● What you are asked to do
Please set down, exactly, the line with "this 1605×780 image." and all lines that follow it through the end of the records below.
───── Supplied material
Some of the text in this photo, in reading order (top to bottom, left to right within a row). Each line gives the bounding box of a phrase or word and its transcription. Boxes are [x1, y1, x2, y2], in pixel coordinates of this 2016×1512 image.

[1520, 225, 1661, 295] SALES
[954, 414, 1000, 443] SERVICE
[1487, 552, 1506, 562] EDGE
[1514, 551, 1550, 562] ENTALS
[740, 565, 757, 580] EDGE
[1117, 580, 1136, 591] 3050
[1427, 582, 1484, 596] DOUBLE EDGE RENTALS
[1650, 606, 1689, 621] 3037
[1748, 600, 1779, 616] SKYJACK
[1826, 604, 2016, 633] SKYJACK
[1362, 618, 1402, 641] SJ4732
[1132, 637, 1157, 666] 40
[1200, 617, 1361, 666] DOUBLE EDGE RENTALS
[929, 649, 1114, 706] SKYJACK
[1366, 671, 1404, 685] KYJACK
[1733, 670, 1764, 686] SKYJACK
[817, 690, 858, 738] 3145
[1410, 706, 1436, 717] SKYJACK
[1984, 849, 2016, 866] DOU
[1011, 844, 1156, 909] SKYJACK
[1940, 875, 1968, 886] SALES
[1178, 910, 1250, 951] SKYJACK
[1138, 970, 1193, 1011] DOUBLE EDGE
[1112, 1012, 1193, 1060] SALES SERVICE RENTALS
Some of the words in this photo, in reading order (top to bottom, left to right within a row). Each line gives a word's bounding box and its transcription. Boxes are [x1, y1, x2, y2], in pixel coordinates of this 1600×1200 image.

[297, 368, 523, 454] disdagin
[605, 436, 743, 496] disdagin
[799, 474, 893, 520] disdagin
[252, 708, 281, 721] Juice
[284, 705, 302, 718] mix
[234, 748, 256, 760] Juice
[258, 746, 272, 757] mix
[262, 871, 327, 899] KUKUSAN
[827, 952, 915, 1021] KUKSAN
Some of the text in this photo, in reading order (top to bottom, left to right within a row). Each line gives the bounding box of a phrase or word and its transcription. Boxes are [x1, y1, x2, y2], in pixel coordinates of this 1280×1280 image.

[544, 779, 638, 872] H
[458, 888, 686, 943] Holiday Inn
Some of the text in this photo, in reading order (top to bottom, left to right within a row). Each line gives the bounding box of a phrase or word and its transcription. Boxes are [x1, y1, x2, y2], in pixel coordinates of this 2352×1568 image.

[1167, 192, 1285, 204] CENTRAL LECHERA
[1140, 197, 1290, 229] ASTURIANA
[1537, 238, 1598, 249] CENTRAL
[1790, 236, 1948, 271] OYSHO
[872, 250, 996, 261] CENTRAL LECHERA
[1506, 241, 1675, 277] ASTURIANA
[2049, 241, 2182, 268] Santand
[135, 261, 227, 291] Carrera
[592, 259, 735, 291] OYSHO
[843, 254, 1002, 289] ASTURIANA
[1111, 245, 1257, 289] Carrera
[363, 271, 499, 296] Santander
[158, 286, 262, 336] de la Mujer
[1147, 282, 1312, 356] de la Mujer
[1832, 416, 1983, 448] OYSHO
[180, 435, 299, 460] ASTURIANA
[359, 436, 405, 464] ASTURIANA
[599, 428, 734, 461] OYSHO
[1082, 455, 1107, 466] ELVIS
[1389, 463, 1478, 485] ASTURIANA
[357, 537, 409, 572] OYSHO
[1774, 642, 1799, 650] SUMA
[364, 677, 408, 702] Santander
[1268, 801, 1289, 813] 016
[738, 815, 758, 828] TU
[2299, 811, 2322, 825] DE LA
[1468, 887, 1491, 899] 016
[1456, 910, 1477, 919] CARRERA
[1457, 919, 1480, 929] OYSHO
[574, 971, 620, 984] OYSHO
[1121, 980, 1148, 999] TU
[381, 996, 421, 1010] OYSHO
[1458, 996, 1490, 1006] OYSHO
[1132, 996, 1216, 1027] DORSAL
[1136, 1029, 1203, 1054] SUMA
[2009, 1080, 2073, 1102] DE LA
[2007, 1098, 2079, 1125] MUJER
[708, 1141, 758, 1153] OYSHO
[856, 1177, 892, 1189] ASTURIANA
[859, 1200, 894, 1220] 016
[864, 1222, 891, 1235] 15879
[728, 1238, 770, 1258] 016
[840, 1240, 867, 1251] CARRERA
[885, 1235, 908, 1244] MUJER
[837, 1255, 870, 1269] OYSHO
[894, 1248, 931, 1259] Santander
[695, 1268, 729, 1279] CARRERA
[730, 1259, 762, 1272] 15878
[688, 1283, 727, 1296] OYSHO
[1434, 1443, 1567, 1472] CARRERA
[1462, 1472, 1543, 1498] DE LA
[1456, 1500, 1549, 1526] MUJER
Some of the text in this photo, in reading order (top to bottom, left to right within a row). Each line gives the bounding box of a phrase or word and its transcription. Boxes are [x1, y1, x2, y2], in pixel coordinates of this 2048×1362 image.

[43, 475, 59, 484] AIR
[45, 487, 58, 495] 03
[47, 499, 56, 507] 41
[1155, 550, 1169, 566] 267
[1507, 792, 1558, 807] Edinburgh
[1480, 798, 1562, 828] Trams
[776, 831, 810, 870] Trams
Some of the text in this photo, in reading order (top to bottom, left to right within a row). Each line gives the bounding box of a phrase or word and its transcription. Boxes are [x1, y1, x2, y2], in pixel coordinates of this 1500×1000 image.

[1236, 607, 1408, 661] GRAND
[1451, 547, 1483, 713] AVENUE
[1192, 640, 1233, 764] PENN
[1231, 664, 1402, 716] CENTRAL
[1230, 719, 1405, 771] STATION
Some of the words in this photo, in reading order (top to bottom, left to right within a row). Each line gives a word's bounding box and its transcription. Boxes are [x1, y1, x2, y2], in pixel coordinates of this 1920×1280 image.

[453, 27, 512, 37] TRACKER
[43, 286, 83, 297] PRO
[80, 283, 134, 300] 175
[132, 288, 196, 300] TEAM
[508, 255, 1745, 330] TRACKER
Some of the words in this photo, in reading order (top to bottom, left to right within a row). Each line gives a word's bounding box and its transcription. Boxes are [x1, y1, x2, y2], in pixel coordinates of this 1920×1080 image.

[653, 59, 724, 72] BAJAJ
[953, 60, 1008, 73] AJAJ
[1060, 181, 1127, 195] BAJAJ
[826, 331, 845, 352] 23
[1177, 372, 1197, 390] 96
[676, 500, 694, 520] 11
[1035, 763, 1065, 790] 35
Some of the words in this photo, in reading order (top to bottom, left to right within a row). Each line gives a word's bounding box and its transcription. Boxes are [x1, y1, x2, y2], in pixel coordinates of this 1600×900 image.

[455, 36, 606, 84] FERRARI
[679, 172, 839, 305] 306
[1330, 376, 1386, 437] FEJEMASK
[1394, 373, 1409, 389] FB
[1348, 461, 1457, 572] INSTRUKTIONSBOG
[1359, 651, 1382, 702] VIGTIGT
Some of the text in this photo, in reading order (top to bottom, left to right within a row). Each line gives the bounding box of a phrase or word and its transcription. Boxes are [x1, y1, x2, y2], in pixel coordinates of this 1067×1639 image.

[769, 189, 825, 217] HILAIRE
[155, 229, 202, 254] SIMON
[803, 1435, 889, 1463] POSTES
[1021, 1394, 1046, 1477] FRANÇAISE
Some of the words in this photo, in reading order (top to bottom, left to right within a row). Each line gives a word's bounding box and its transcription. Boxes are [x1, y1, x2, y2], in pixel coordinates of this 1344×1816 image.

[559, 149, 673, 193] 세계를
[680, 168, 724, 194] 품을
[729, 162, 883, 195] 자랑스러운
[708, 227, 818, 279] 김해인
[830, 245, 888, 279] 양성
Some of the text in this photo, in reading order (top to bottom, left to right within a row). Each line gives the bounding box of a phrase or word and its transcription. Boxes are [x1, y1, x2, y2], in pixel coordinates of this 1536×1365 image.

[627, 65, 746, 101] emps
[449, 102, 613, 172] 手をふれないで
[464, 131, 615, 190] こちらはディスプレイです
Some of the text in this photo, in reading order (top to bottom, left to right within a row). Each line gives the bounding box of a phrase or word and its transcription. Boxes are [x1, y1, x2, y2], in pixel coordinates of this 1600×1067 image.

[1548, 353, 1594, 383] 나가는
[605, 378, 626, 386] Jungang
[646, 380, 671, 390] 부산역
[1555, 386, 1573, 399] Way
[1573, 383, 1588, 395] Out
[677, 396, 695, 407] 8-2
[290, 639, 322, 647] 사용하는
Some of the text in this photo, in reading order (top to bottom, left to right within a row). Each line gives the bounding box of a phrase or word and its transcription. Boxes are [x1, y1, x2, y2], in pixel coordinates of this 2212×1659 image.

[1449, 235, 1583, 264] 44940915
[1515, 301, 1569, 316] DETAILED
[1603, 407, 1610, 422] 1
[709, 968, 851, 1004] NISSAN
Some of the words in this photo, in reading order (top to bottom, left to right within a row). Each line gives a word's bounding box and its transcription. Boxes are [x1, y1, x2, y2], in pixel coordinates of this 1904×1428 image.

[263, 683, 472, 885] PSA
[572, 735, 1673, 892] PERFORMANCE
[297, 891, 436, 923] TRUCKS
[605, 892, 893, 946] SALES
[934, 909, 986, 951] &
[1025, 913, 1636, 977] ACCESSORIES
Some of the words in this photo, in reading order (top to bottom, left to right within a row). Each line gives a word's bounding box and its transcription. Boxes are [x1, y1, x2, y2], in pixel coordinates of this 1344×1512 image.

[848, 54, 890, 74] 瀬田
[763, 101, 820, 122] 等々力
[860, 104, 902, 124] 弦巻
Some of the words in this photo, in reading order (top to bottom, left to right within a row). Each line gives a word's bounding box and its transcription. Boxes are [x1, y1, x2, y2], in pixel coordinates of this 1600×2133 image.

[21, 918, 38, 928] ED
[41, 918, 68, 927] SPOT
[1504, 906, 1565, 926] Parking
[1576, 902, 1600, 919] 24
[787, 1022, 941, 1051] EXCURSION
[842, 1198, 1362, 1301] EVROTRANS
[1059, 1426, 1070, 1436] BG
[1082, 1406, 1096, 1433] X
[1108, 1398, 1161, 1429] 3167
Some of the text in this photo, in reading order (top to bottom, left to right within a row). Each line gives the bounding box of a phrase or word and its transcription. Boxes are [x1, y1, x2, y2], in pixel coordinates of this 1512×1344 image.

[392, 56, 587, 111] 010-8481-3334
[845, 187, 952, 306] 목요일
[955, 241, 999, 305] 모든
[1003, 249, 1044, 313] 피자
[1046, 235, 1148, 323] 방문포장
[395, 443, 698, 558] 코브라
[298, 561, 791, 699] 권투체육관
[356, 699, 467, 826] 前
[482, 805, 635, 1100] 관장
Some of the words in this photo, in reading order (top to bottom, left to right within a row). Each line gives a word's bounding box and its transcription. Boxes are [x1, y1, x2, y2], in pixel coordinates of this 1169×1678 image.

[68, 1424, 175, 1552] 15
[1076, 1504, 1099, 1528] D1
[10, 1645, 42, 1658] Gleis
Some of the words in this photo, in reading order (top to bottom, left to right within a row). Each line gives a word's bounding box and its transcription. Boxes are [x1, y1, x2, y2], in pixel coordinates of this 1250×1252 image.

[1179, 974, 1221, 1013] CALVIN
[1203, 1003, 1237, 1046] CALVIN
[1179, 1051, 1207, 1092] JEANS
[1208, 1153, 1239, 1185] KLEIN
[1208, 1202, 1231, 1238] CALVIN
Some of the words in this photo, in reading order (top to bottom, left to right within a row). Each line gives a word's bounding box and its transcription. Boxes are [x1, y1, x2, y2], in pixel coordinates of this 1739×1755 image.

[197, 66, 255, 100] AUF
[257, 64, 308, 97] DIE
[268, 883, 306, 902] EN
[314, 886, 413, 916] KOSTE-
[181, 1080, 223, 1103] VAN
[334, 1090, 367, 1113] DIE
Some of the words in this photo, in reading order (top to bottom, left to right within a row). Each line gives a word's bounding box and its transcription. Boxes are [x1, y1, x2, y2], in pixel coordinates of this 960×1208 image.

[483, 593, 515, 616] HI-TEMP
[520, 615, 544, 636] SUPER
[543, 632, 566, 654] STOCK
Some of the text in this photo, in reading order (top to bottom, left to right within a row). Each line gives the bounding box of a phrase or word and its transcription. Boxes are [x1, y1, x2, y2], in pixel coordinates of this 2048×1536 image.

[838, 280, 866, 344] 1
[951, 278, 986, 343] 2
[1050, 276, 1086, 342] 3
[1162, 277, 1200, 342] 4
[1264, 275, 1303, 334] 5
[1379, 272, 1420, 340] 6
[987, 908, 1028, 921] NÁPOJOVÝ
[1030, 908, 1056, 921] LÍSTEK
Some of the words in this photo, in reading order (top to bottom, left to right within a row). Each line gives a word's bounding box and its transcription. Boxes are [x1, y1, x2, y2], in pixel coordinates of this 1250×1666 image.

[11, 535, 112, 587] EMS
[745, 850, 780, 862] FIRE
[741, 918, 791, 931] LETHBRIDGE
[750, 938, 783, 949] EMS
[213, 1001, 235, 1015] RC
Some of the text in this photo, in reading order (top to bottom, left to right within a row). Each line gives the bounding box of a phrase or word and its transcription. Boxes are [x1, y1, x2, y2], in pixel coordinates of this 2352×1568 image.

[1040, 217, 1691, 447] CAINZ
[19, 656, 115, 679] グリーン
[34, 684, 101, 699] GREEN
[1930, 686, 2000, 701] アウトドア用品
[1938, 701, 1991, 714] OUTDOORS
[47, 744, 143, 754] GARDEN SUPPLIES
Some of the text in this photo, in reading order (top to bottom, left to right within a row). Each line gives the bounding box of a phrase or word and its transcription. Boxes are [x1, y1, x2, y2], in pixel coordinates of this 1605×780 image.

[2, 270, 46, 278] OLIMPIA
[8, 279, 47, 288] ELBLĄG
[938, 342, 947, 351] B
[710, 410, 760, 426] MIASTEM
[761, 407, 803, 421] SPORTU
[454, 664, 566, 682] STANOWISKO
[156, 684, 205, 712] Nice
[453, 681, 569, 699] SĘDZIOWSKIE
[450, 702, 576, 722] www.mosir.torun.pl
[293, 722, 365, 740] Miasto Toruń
──────────
● Written solution
Some of the text in this photo, in reading order (top to bottom, left to right within a row). Each line gives the bounding box of a phrase or word and its transcription. Boxes are [x1, y1, x2, y2], in pixel coordinates of this 1605×780 image.

[2, 270, 46, 278] OLIMPIA
[8, 279, 47, 288] ELBLĄG
[938, 342, 947, 351] B
[710, 410, 760, 426] MIASTEM
[761, 407, 803, 421] SPORTU
[454, 664, 566, 682] STANOWISKO
[156, 684, 205, 712] Nice
[453, 681, 569, 699] SĘDZIOWSKIE
[450, 702, 576, 722] www.mosir.torun.pl
[293, 722, 365, 740] Miasto Toruń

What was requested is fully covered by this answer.